▸ **Exercise instructions**
Could you give back the records exactly, taking out the pictures?

▸ **Records for the task**
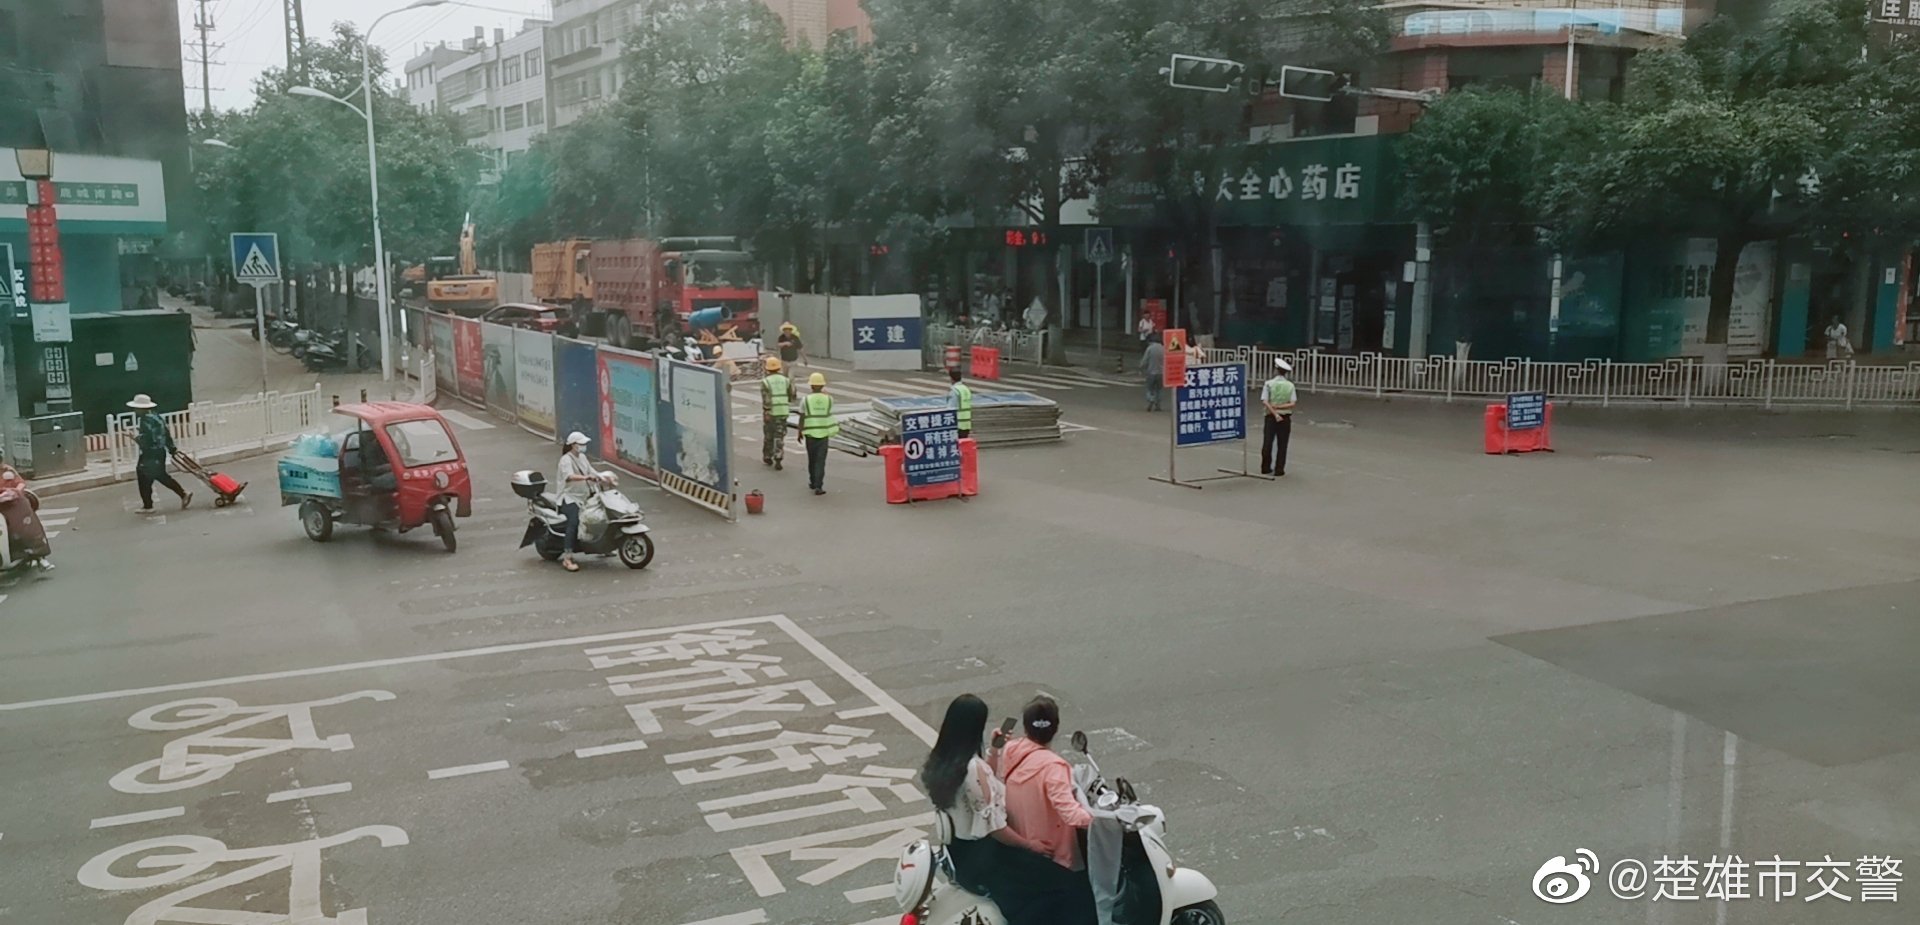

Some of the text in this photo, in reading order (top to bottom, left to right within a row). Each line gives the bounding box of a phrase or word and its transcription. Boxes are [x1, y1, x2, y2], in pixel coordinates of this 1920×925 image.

[857, 324, 905, 344] 交建
[1183, 366, 1239, 388] 交警提示
[905, 412, 955, 431] 交警提示
[925, 429, 959, 445] 所有车辆
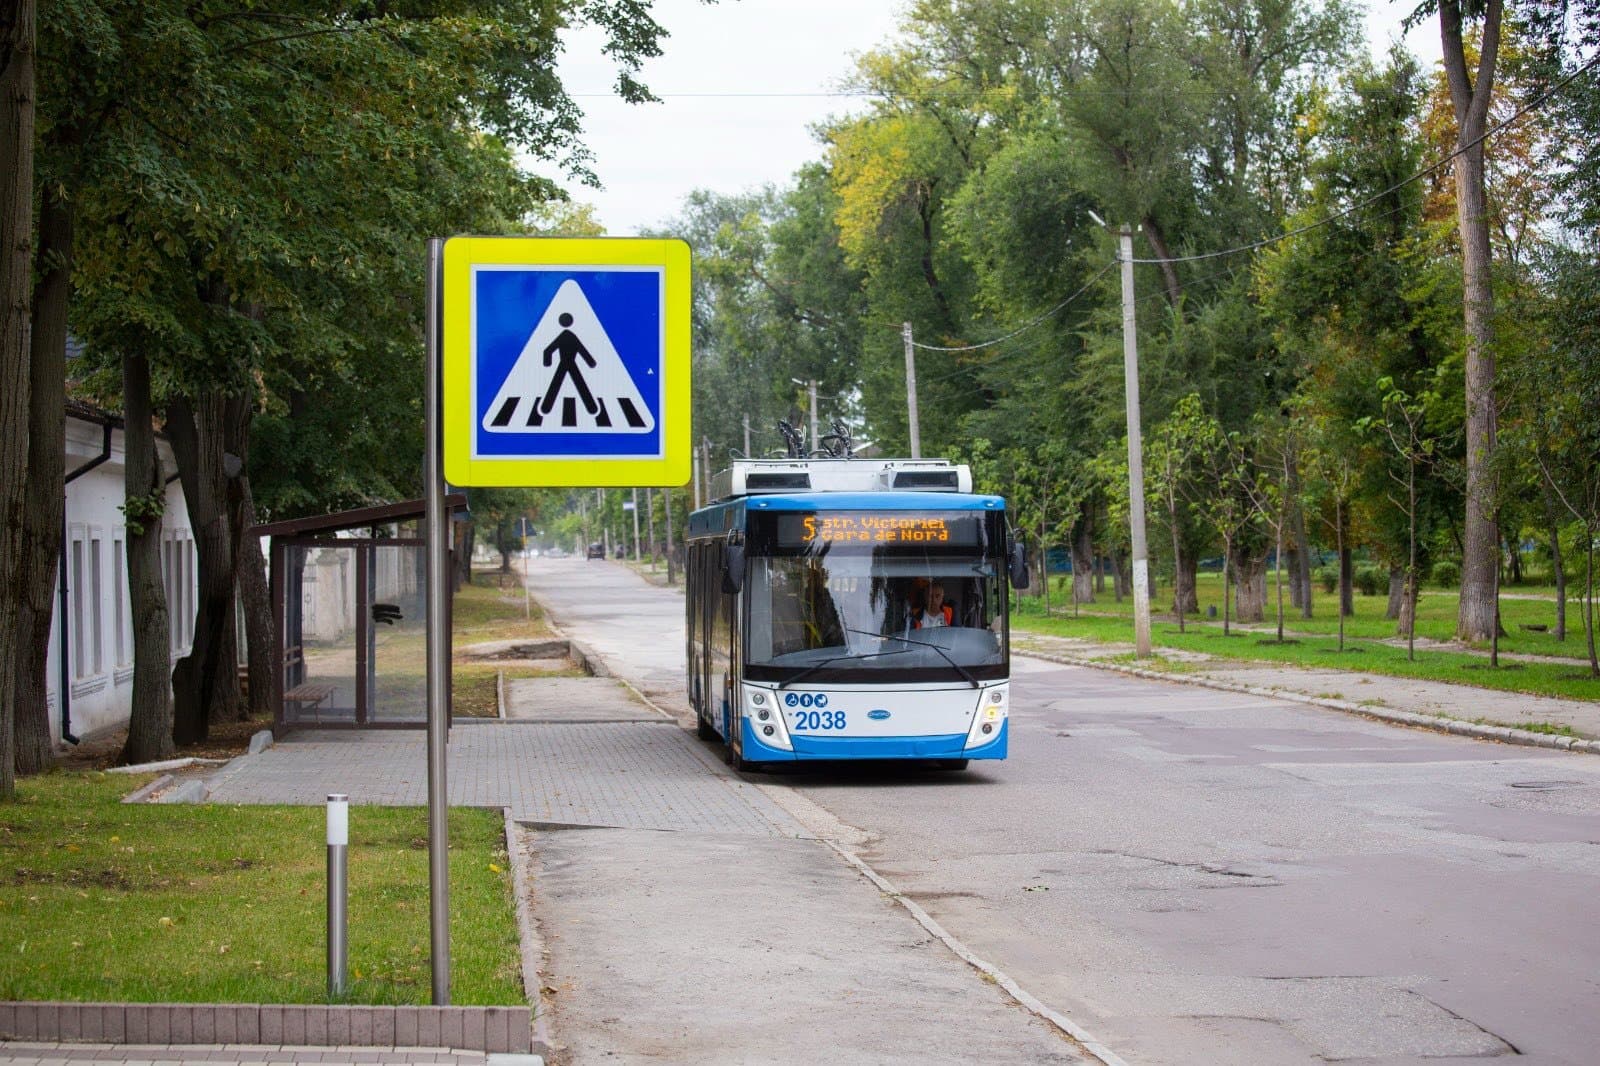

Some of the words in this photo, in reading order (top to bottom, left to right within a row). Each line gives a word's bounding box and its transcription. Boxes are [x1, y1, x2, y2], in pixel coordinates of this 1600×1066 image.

▸ **Completed task**
Some of the text in this photo, in reading order (top to bottom, left to right within a row). Each line gives the bounding box of a phrase or word and its transcription. Boxes are [x1, y1, x2, y2], in pixel coordinates of this 1920×925 image.

[857, 324, 905, 344] 交建
[1183, 366, 1239, 388] 交警提示
[905, 412, 955, 431] 交警提示
[925, 429, 959, 445] 所有车辆

Some of the words in this photo, in reading order (top to bottom, left to right within a row). Each line gives a word's bounding box and its transcription. Boxes are [x1, y1, x2, y2], in pixel coordinates of this 1600×1066 image.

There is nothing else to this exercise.